What is expected =>
Every line below is to be given again precisely; images are to be left out.

Material provided =>
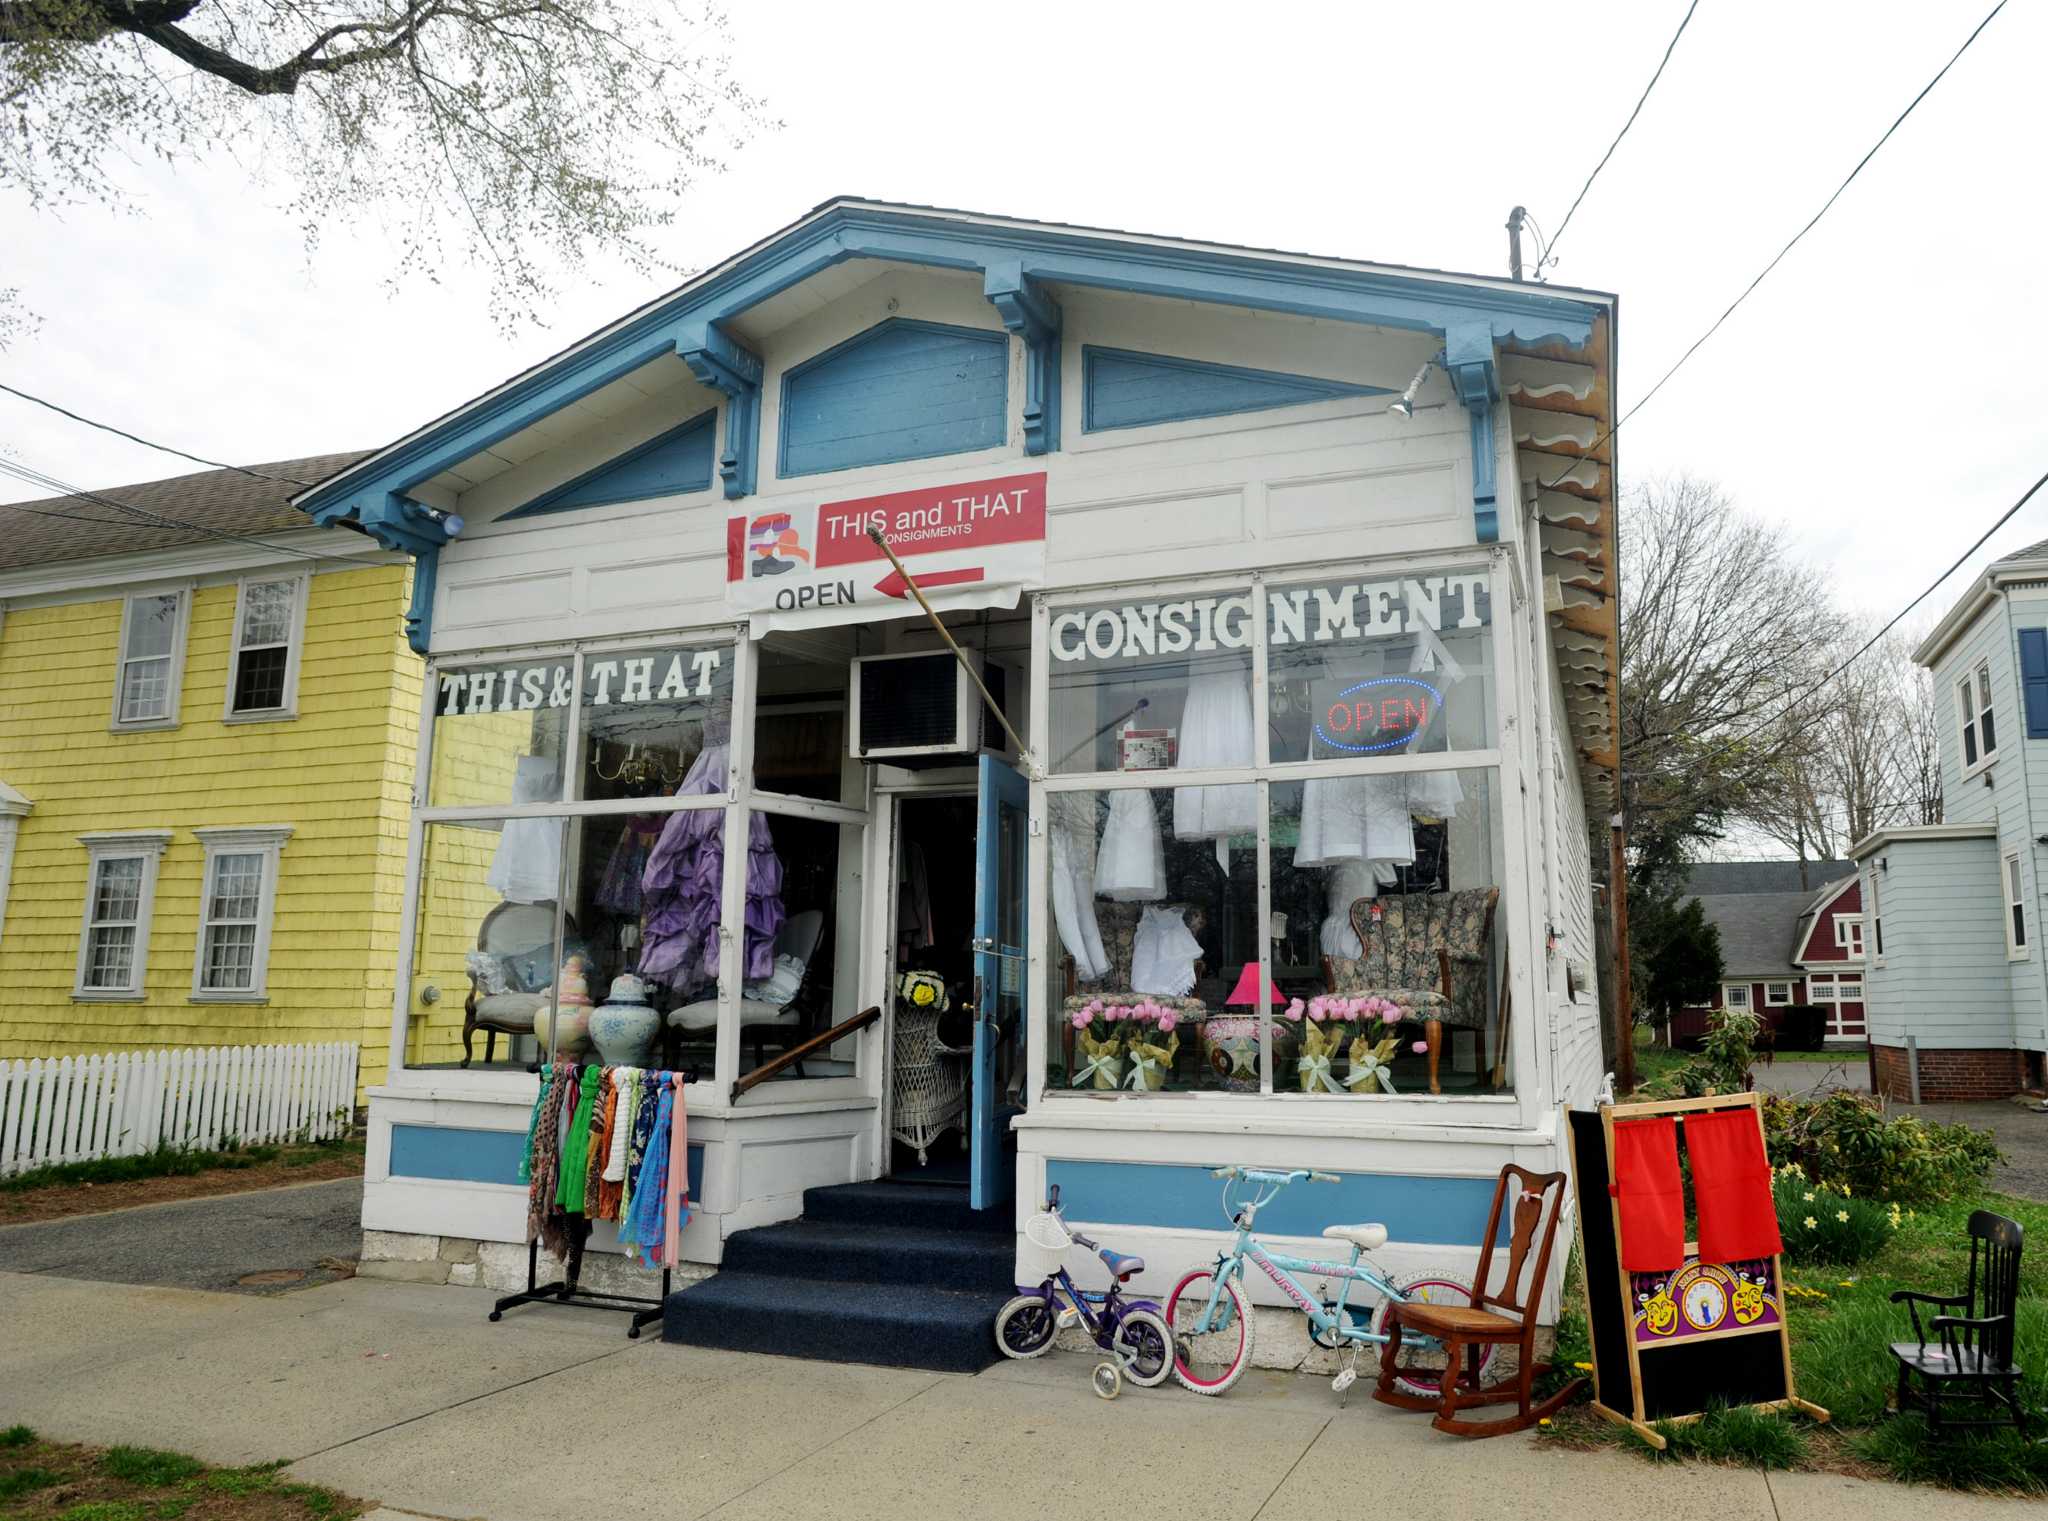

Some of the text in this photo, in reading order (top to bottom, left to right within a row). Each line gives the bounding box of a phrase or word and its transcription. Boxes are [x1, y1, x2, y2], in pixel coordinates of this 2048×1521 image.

[826, 489, 1029, 540] THIS and THAT
[876, 523, 973, 545] ONSIGNMENTS
[775, 580, 856, 611] OPEN
[1049, 574, 1489, 662] CONSIGNMENT
[590, 650, 721, 706] THAT
[1327, 697, 1429, 734] OPEN

Answer section =>
Some of the text in this photo, in reading order (top to bottom, left to right within a row). Each line gives the bounding box of a phrase or word and its transcription. Boxes are [x1, y1, x2, y2], in pixel coordinates of this 2048×1521 image.

[826, 489, 1029, 540] THIS and THAT
[876, 523, 973, 545] ONSIGNMENTS
[775, 580, 856, 611] OPEN
[1049, 574, 1489, 662] CONSIGNMENT
[590, 650, 721, 706] THAT
[1327, 697, 1429, 734] OPEN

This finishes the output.